To do that, you can simply overwrite the functions that determines the commitments candidates in the following way:

[14]:
from theodias import StandardPosition, DAGDialecticalStructure
from rethon import StandardGlobalReflectiveEquilibrium


class MarkovianGlobalReflectiveEquilibrium(StandardGlobalReflectiveEquilibrium):

    def commitment_candidates(self, **kwargs):
        candidate_commitments = set()
        max_achievement = 0
        for candidate_commitment in self.dialectical_structure().minimally_consistent_positions():
            current_achievement = self.achievement(candidate_commitment,
                                                   self.state().last_theory(),
                                                   # instead of the initial commitments we calculate achievement
                                                   # w.r.t. the last commitments
                                                   self.state().last_commitments())

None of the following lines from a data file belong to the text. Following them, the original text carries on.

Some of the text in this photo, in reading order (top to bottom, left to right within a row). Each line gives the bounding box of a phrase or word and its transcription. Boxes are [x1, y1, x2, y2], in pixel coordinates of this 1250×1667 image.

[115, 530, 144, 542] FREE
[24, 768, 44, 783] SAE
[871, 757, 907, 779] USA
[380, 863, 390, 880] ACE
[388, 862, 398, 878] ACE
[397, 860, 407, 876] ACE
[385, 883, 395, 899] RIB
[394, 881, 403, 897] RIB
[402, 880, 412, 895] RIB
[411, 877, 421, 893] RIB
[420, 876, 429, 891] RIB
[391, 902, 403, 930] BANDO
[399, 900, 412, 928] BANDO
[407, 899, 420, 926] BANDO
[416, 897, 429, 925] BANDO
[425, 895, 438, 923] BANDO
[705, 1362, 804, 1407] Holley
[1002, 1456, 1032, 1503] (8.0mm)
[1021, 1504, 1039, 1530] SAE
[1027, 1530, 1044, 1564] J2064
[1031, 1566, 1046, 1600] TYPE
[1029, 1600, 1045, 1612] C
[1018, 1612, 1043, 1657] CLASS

            # update achievement and candidates
            if current_achievement > max_achievement:
                candidate_commitments = {candidate_commitment}
                max_achievement = current_achievement

            elif current_achievement == max_achievement:
                candidate_commitments.add(candidate_commitment)
        # in case the last state is already optimal, we just return it
        if self.state().last_commitments() in candidate_commitments:
            return {self.state().last_commitments()}

        return candidate_commitments

[15]:
from pprint import pprint

# our standard example with a sentence pool n=7
n = 7
arguments = [[1, 3],[1, 4],[1, 5],[1, -6], [2, -4],[2, 5],[2, 6],[2, 7]]
bdd_ds = DAGDialecticalStructure.from_arguments(arguments, n)
new_re = MarkovianGlobalReflectiveEquilibrium(bdd_ds)

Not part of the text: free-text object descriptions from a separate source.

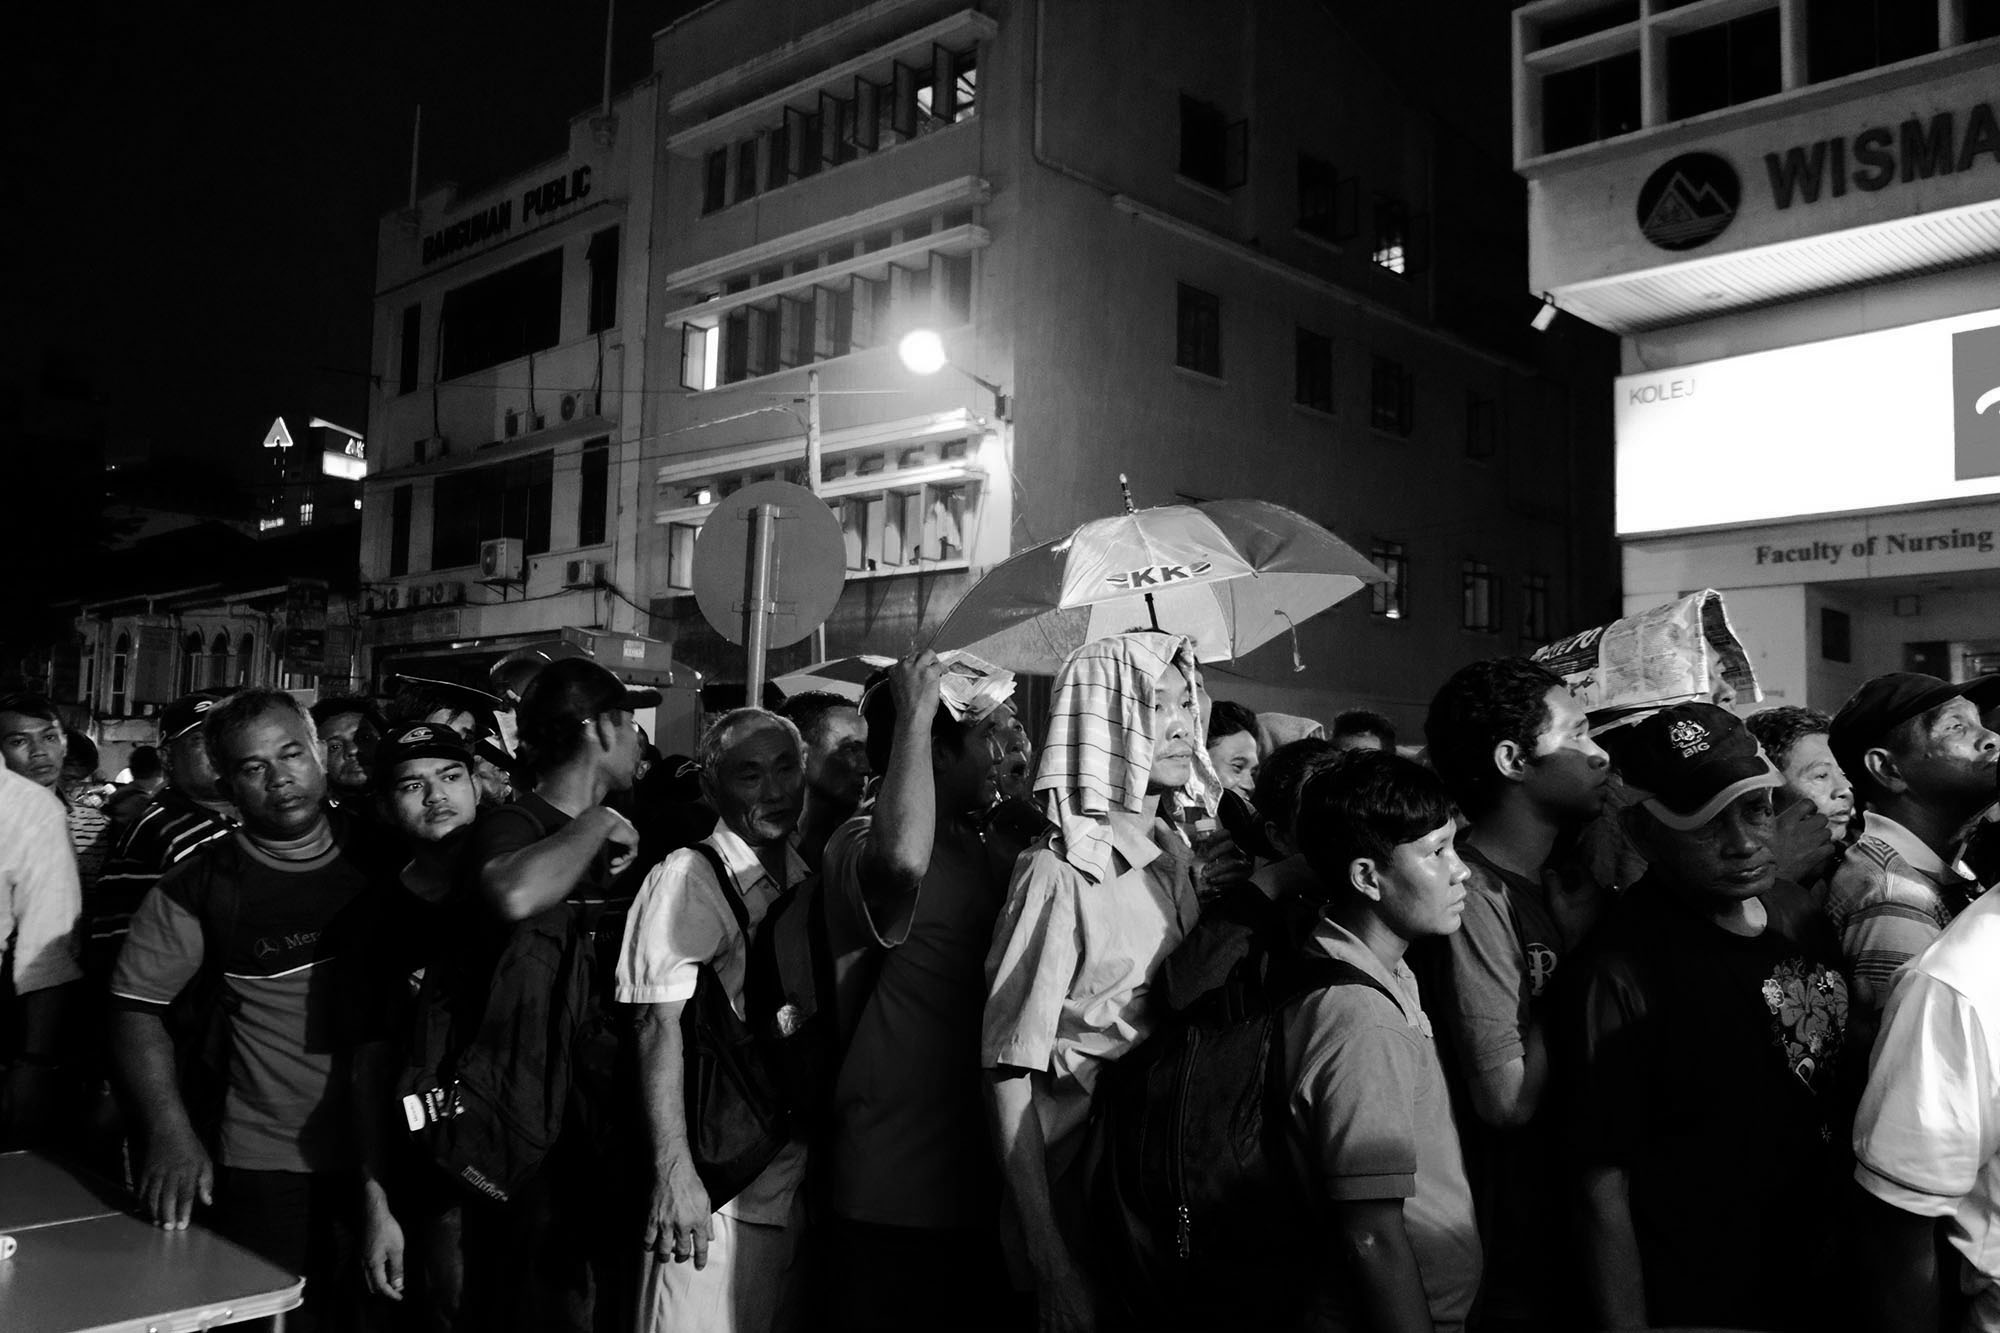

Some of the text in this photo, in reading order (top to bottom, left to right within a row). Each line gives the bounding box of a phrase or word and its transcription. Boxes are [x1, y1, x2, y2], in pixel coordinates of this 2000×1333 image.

[1763, 102, 2000, 211] WISMA
[522, 165, 592, 223] PUBLIC
[1629, 379, 1696, 406] KOLEJ
[1755, 527, 1995, 565] Faculty of Nursing
[1131, 566, 1189, 588] KK
[1682, 742, 1710, 758] BIG

init_coms = StandardPosition.from_set({3, 4, 5}, n)
new_re.set_initial_state(init_coms)
new_re.re_process()
pprint(new_re.state().as_dict())
{'alternatives': [set(), set(), set(), set(), set(), set()],
 'evolution': [{3, 4, 5},
               {1},
               {1, 3, 4, 5, -6, -2},
               {1},
               {1, 3, 4, 5, -6, -2},
               {1}],
 'finished': True,
 'time_line': [0, 1, 2, 3, 4, 5]}

In the same way you could adapt one of the following methods by overwriting ReflectiveEquilibrium or classes that implement it:

  • pick_commitment_candidate: The condition that chooses one of the commitments candidates that is determined by the commitments-candidates criterion \(CC\) (commitment_candidates) as the next commitments.

  • theory_candidates The theory-candidates criterion \(CT\).

  • pick_theory_candidate: The condition that chooses one of the theory candidates that is determined by the theory-candidates criterion \(TC\) as the next theory.

  • finished: The criterion that determines when the the process ends.